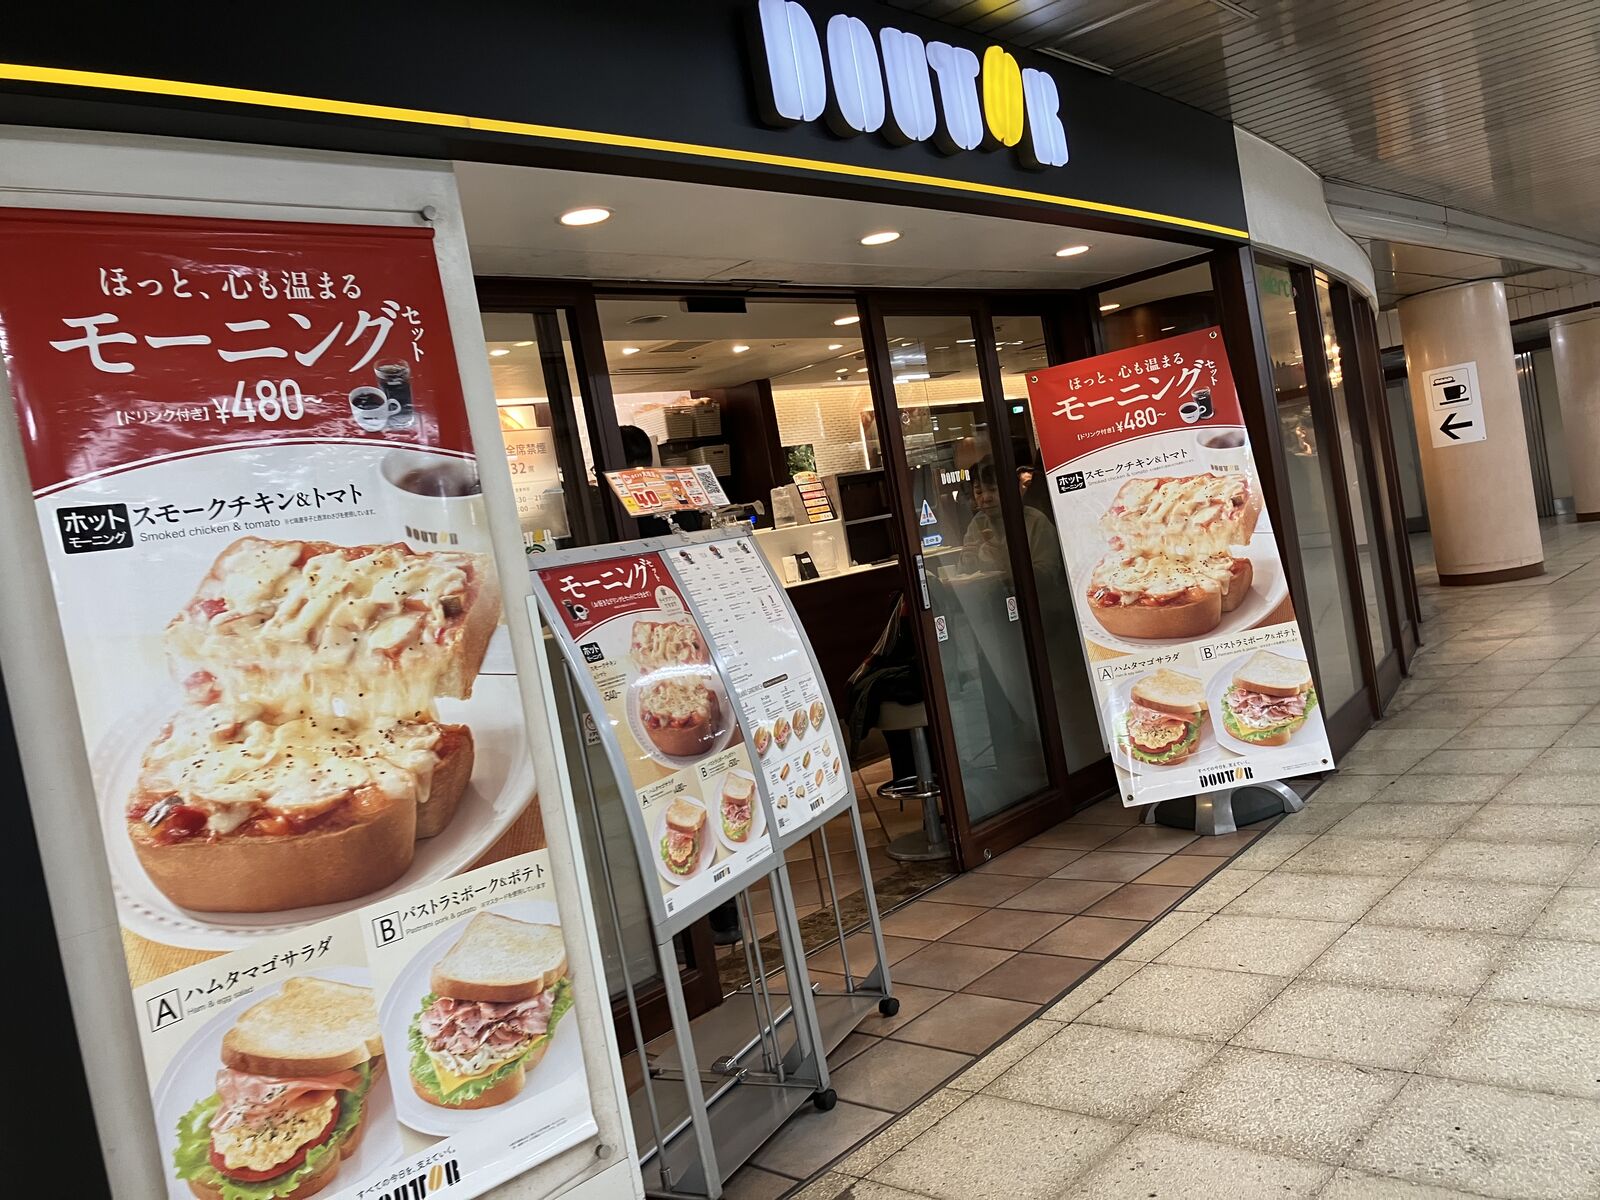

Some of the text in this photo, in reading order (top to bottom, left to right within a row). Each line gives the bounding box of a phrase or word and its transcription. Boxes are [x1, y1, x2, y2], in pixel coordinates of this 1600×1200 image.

[758, 0, 1069, 167] DOUTOR
[100, 267, 362, 299] ほっと、心も温まる
[49, 300, 401, 373] モーニング
[401, 305, 425, 362] セット
[1069, 352, 1184, 391] ほっと、心も温まる
[1204, 359, 1218, 386] セット
[1052, 359, 1204, 421] モーニング
[1085, 449, 1188, 481] スモークチキン&トマト
[1058, 474, 1083, 487] ホット
[63, 506, 126, 534] ホット
[133, 484, 362, 527] スモークチキン&トマト
[68, 532, 126, 549] モーニング
[140, 529, 186, 542] Smoked
[188, 523, 230, 537] chicken
[233, 521, 241, 531] &
[244, 518, 280, 530] tomato
[559, 558, 646, 599] モーニング
[1114, 652, 1180, 673] ハムタマゴサラダ
[1204, 647, 1213, 659] B
[1101, 669, 1112, 681] A
[1199, 766, 1254, 789] DOUTOR
[402, 864, 545, 922] パストラミポーク&ポテト
[380, 918, 396, 943] B
[184, 935, 333, 1002] ハムタマゴサラダ
[155, 999, 178, 1028] A
###
WHAT TO WORK ON ▸
All the lines above are to be given again exactly as they read, with the pictures removed.

SOLUTION TO THIS EXERCISE ▸
Some of the text in this photo, in reading order (top to bottom, left to right within a row). Each line gives the bounding box of a phrase or word and its transcription. Boxes are [x1, y1, x2, y2], in pixel coordinates of this 1600×1200 image.

[758, 0, 1069, 167] DOUTOR
[100, 267, 362, 299] ほっと、心も温まる
[49, 300, 401, 373] モーニング
[401, 305, 425, 362] セット
[1069, 352, 1184, 391] ほっと、心も温まる
[1204, 359, 1218, 386] セット
[1052, 359, 1204, 421] モーニング
[1085, 449, 1188, 481] スモークチキン&トマト
[1058, 474, 1083, 487] ホット
[63, 506, 126, 534] ホット
[133, 484, 362, 527] スモークチキン&トマト
[68, 532, 126, 549] モーニング
[140, 529, 186, 542] Smoked
[188, 523, 230, 537] chicken
[233, 521, 241, 531] &
[244, 518, 280, 530] tomato
[559, 558, 646, 599] モーニング
[1114, 652, 1180, 673] ハムタマゴサラダ
[1204, 647, 1213, 659] B
[1101, 669, 1112, 681] A
[1199, 766, 1254, 789] DOUTOR
[402, 864, 545, 922] パストラミポーク&ポテト
[380, 918, 396, 943] B
[184, 935, 333, 1002] ハムタマゴサラダ
[155, 999, 178, 1028] A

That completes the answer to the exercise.